I adopted two congo African greys from a parrot rescue about a year ago, and they're overall great birds and behave well when I'm attentive. They are target trained, and will station when I'm supervising them. However, they've been destroying their bird room lately in an attempt to make a nest, and the male turns aggressive when I go near his "corner" where he is trying to nest.

Background:

They're both 15, and met at the rescue and bonded there. Sophie is presumed female, and was in at least two homes before the rescue got her. They found her in a house with too-many birds, living in a cage in a dark corner. The rescue folks had to teach her out to step up again, and she was a loner and inactive until she met Joey. Sophie and I have become pretty close, and have a trusting relationship. We can read each other's body language, and enjoy each other's company. She is very active now, and flies around her room and plays with her toys.

Joey is a confirmed male and had one owner who vetted him regularly before giving him to the rescue. Joey is unusually extroverted for a CAG. He loves meeting new people, and will step up for anyone. He is a great bird to introduce new people to parrots because I can trust him not to bite and he will just push your hand away if he doesn't like how you're petting him. He is devoted to Sophie, and follows her everywhere, and regurgitates for her.

However, Joey wants to build a nest, and turns into a little monster if you get near his corner.

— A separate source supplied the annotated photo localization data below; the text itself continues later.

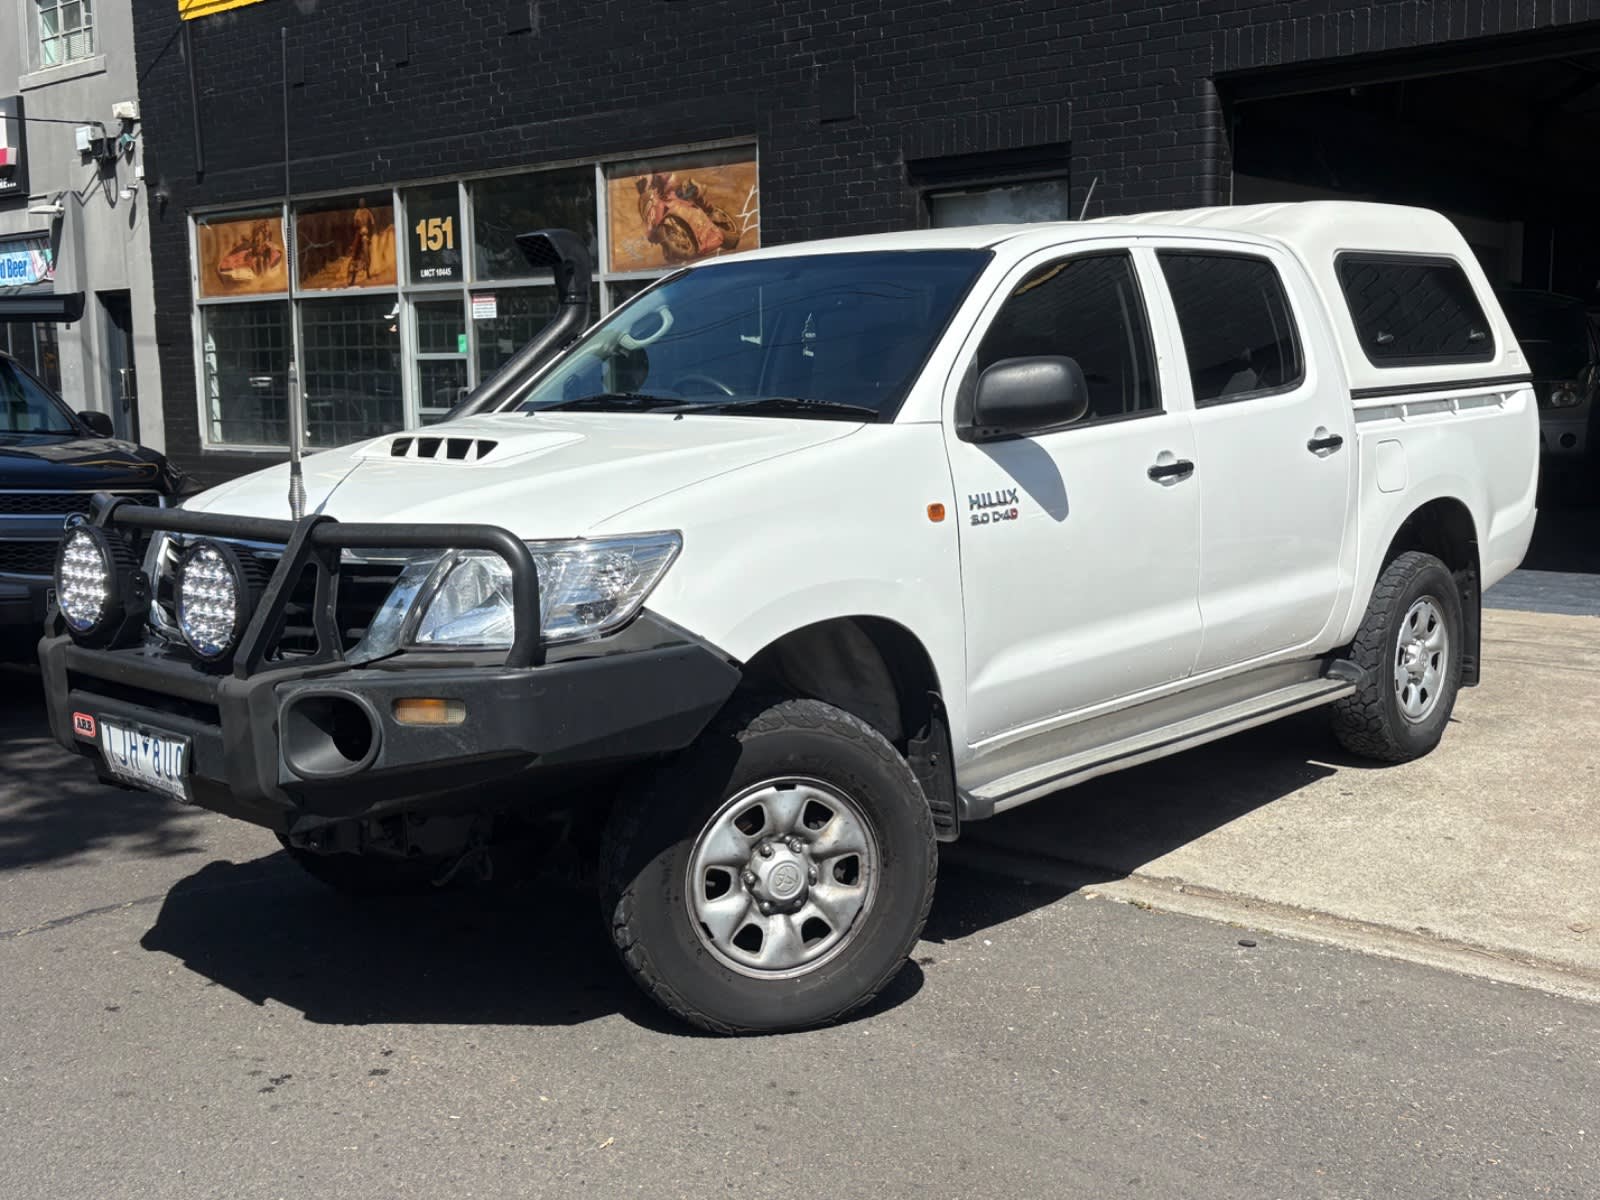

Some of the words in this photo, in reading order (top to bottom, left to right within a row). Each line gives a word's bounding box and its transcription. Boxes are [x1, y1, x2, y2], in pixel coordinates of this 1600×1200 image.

[415, 216, 454, 252] 151
[7, 258, 27, 278] Beer
[420, 268, 436, 278] LMCT
[968, 488, 1019, 511] HILUX
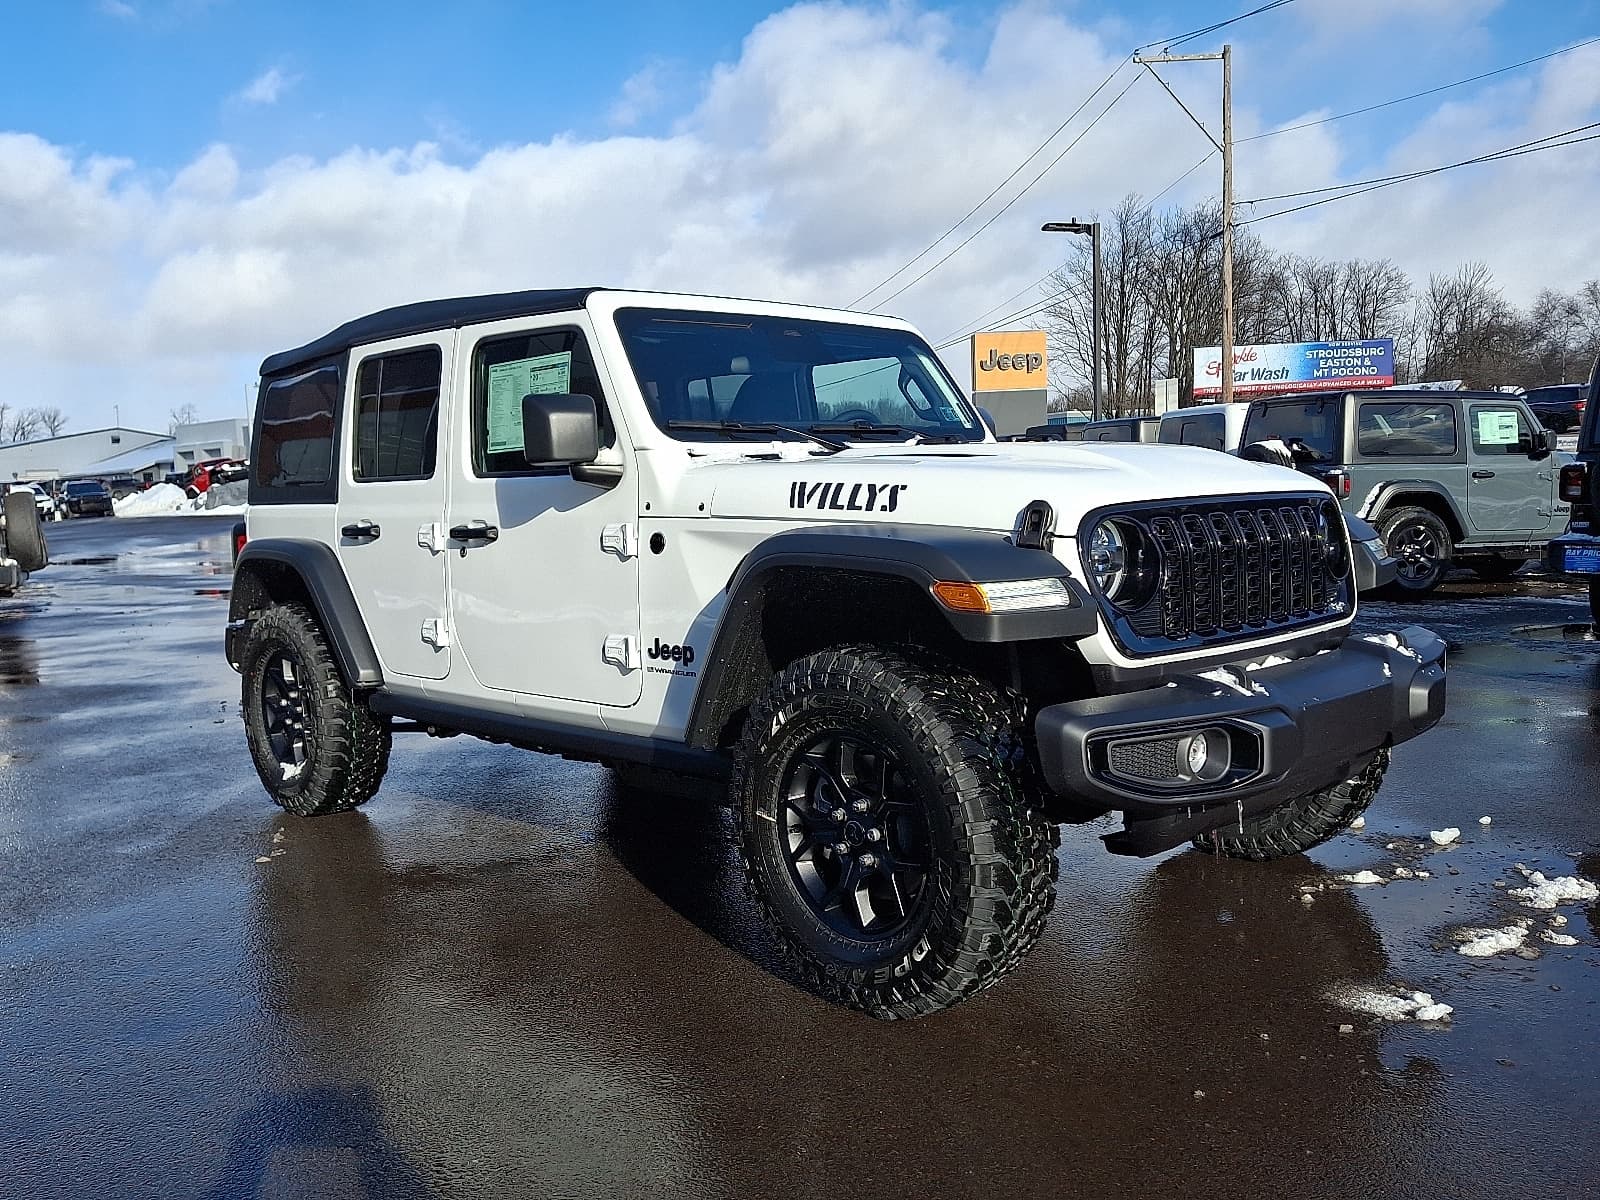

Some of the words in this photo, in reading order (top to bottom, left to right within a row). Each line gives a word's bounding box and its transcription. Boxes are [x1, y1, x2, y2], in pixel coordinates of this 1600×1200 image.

I'd previously had a problem with Joey and Sophie chewing up the trim in my living room and kitchen whenever I turned my back, so I moved them into their own bedroom. This way, I didn't have to cage them while I was at work or not directly supervising them. Their bird room is really fun and they agree: have a cage that usually has an open door, a manzanita tree, a rope-net, a hanging perch, and a stand. They like their room, but lately it is turning into their turf in a bad way.

When I'm at work, they chew up the wood trim in the room. I'd barricaded the spots they really like to chew with some bricks and boards, but yesterday they chewed past the trim, moved my barricade, and made a hole in the drywall. Easy enough to patch drywall, but they've gone too far.

The rescue advised me to cage them when I'm not home, and also cage them when I see the unwanted behavior. Easy enough: Sophie steps right up and accepts her "time out" with grace. However, Joey attacks me if I go near his corner. He will latch on and draw blood if I let him, so when he turns into attack mode I have to towel him and deposit him in his cage. When I let him back out, the behavior repeats, even if I've taken Sophie into another room for several hours.

I have Barbara Heinrich's book The Parrot Problem Solver, which does talk a lot about dealing with aggression, but mostly cage aggression, which isn't really an issue for these two.

I've also removed anything that could be used as nesting material, such as boxes and paper bags. These items were good diversions to get them away from their corner, but ultimately just made them want to defend their box/bad instead.

The wonderful family that runs the rescue helps their adopters build bird rooms, so I'm going to have them over to help me fortify the room to prevent further destruction, but they're busy with the rescue (on top of full-time jobs) and it may be several weeks before they have a weekend free to help out.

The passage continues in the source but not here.